O ex-árbitro italiano afirmou que debates sobre decisões fazem parte do futebol, mas rejeitou qualquer tentativa de colocar em dúvida a integridade dos profissionais que atuam no torneio. Segundo Collina, a arbitragem da Fifa trabalha de forma independente e não sofre influência de dirigentes, nem mesmo do presidente da entidade, Gianni Infantino.
Collina também explicou dois dos lances mais contestados pelo Egito. No gol anulado de Mostafa Zico, a arbitragem identificou uma falta de Marwan Attia sobre Lisandro Martínez durante a construção da jogada. Como o VAR revisa toda a fase ofensiva anterior ao gol, a infração levou à anulação.
Outro lance questionado ocorreu pouco antes do terceiro gol argentino. Mohamed Salah caiu na área após contato com Julián Álvarez, mas o árbitro e o VAR entenderam que a disputa teve contato normal de jogo e, por isso, não marcaram pênalti.

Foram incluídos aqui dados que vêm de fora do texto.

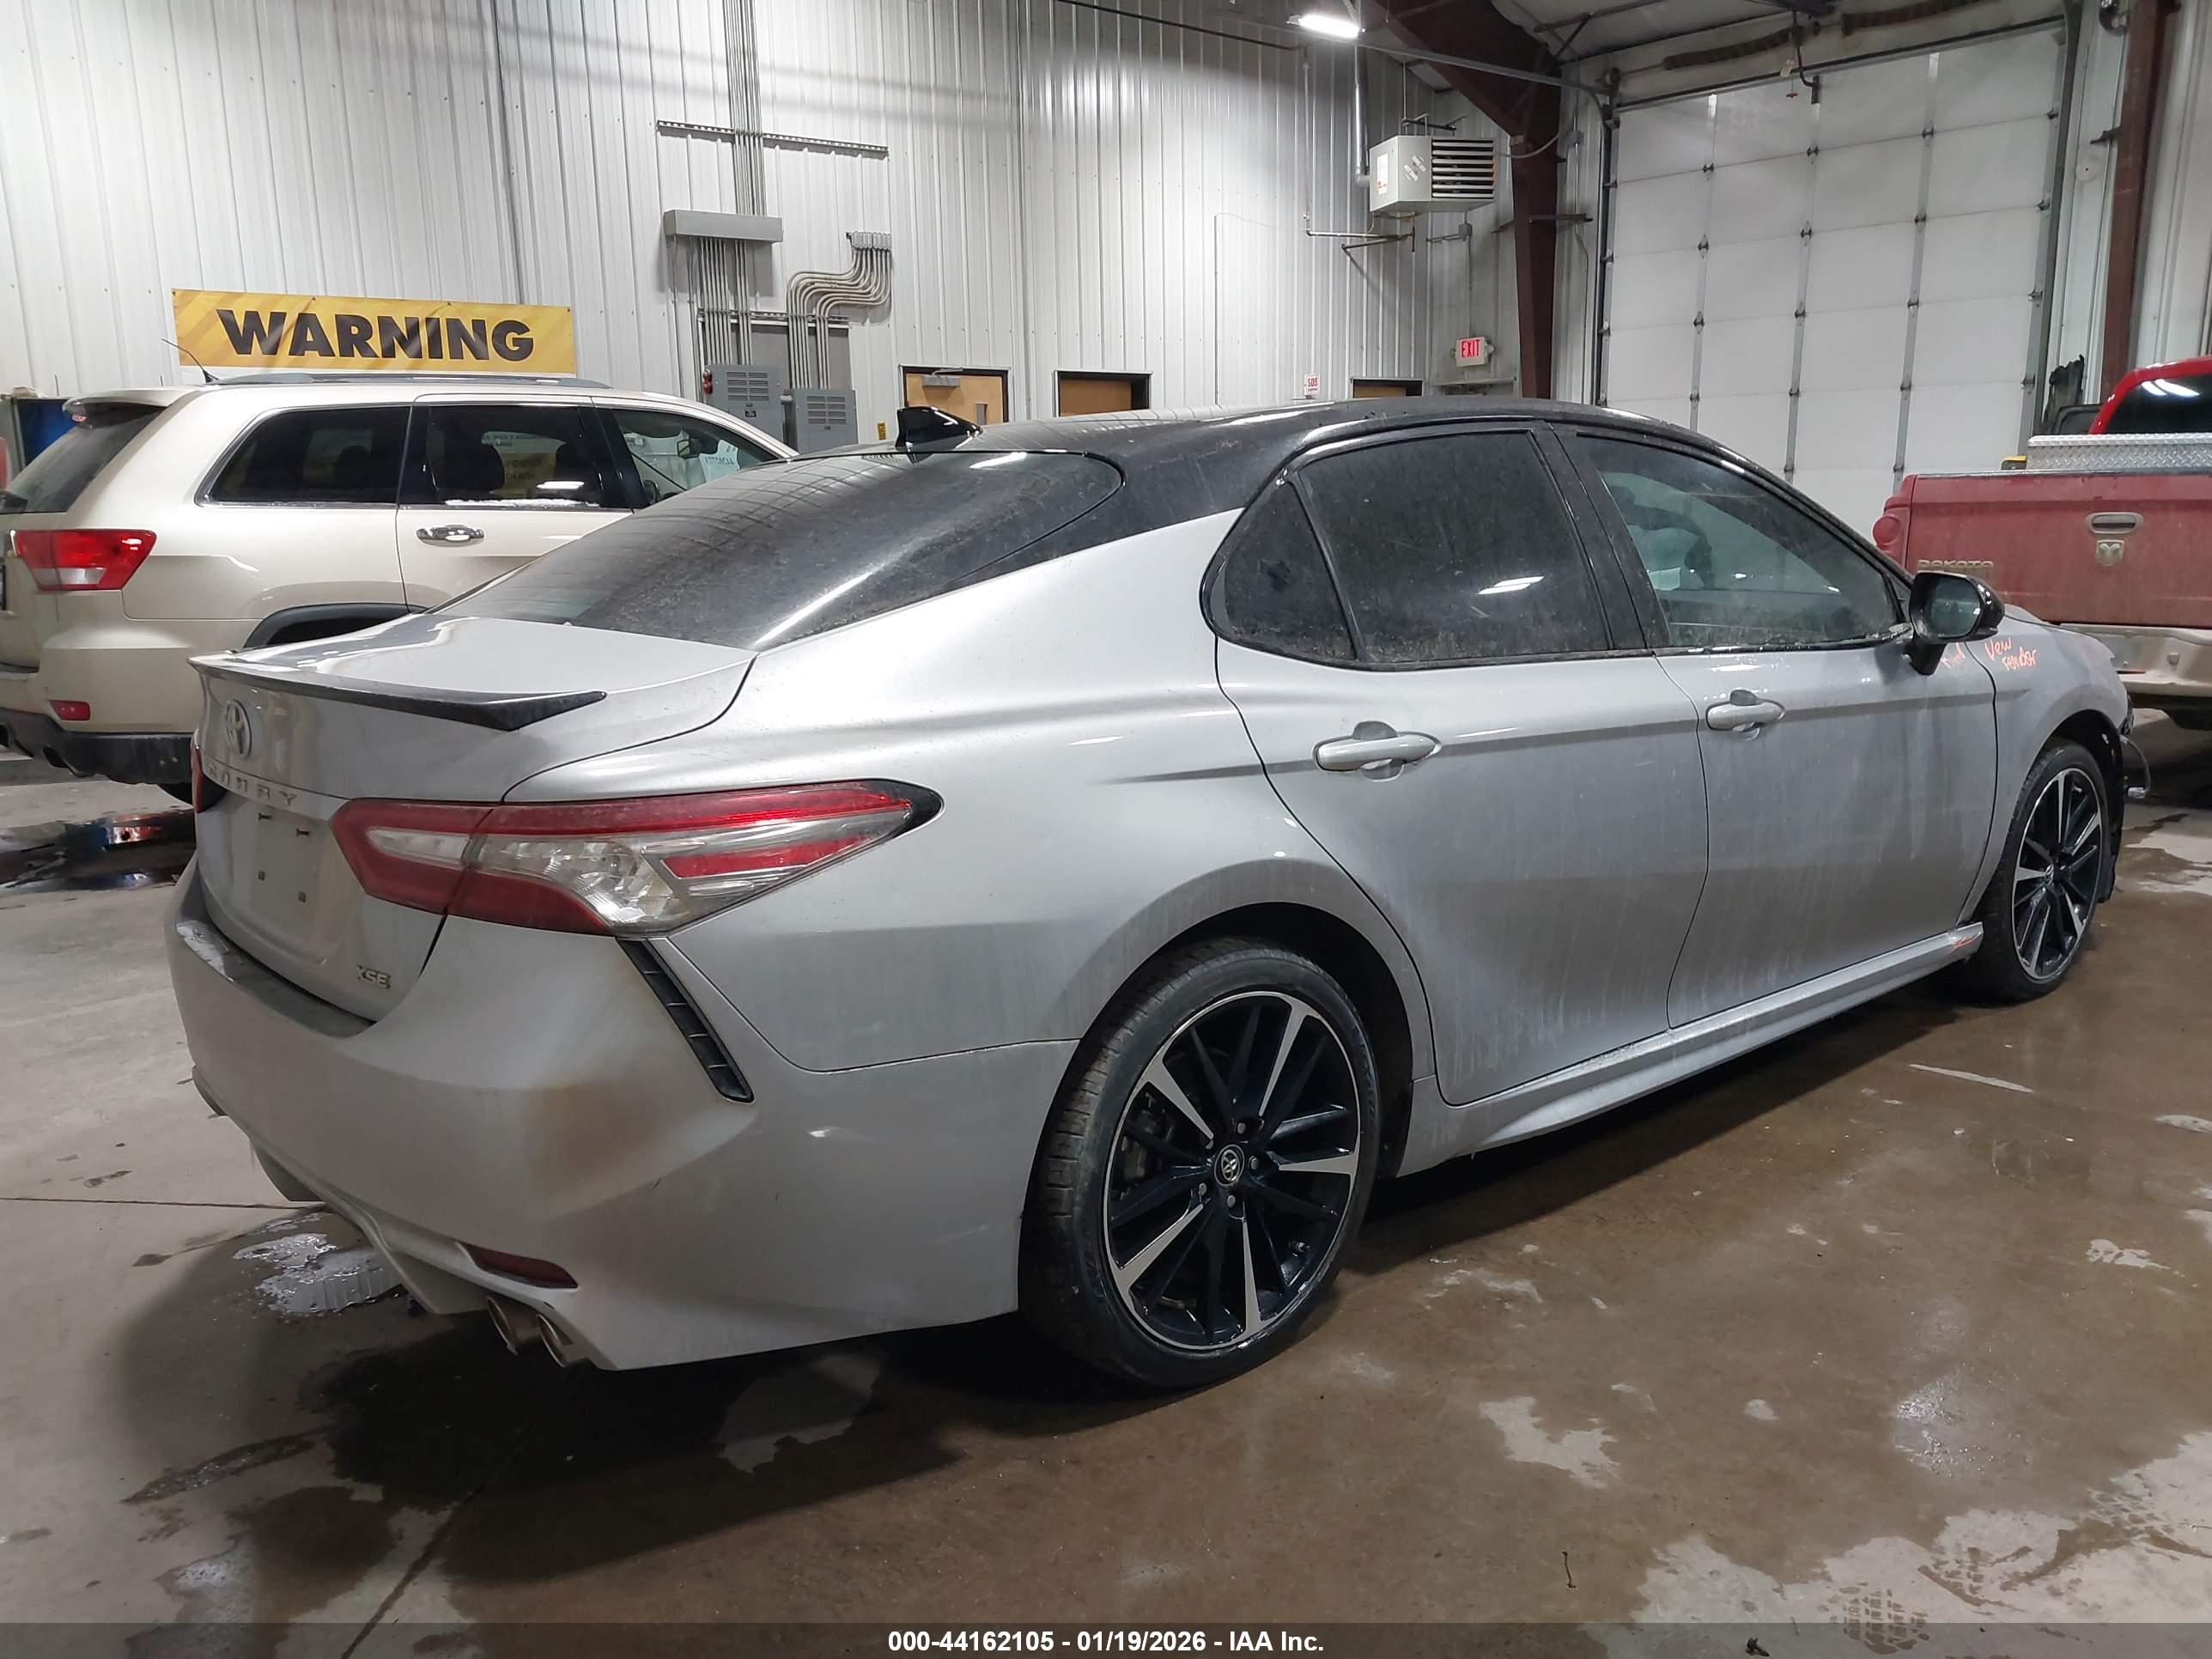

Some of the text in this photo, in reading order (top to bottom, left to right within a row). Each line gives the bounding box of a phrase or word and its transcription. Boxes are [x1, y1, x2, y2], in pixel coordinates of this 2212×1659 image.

[216, 308, 534, 362] WARNING
[1462, 339, 1480, 357] EXIT
[1307, 377, 1318, 387] SOS

A Federação Egípcia formalizou uma reclamação à Fifa após a eliminação e pediu uma investigação sobre a atuação da arbitragem. A entidade também criticou os critérios utilizados durante a partida e chegou a solicitar que Letexier não fosse escalado novamente na competição.
Ao defender a equipe de arbitragem, Collina reforçou que as decisões são tomadas com base nas regras e na análise dos profissionais responsáveis por cada partida, mesmo diante das críticas e da forte repercussão envolvendo o uso do VAR durante o Mundial.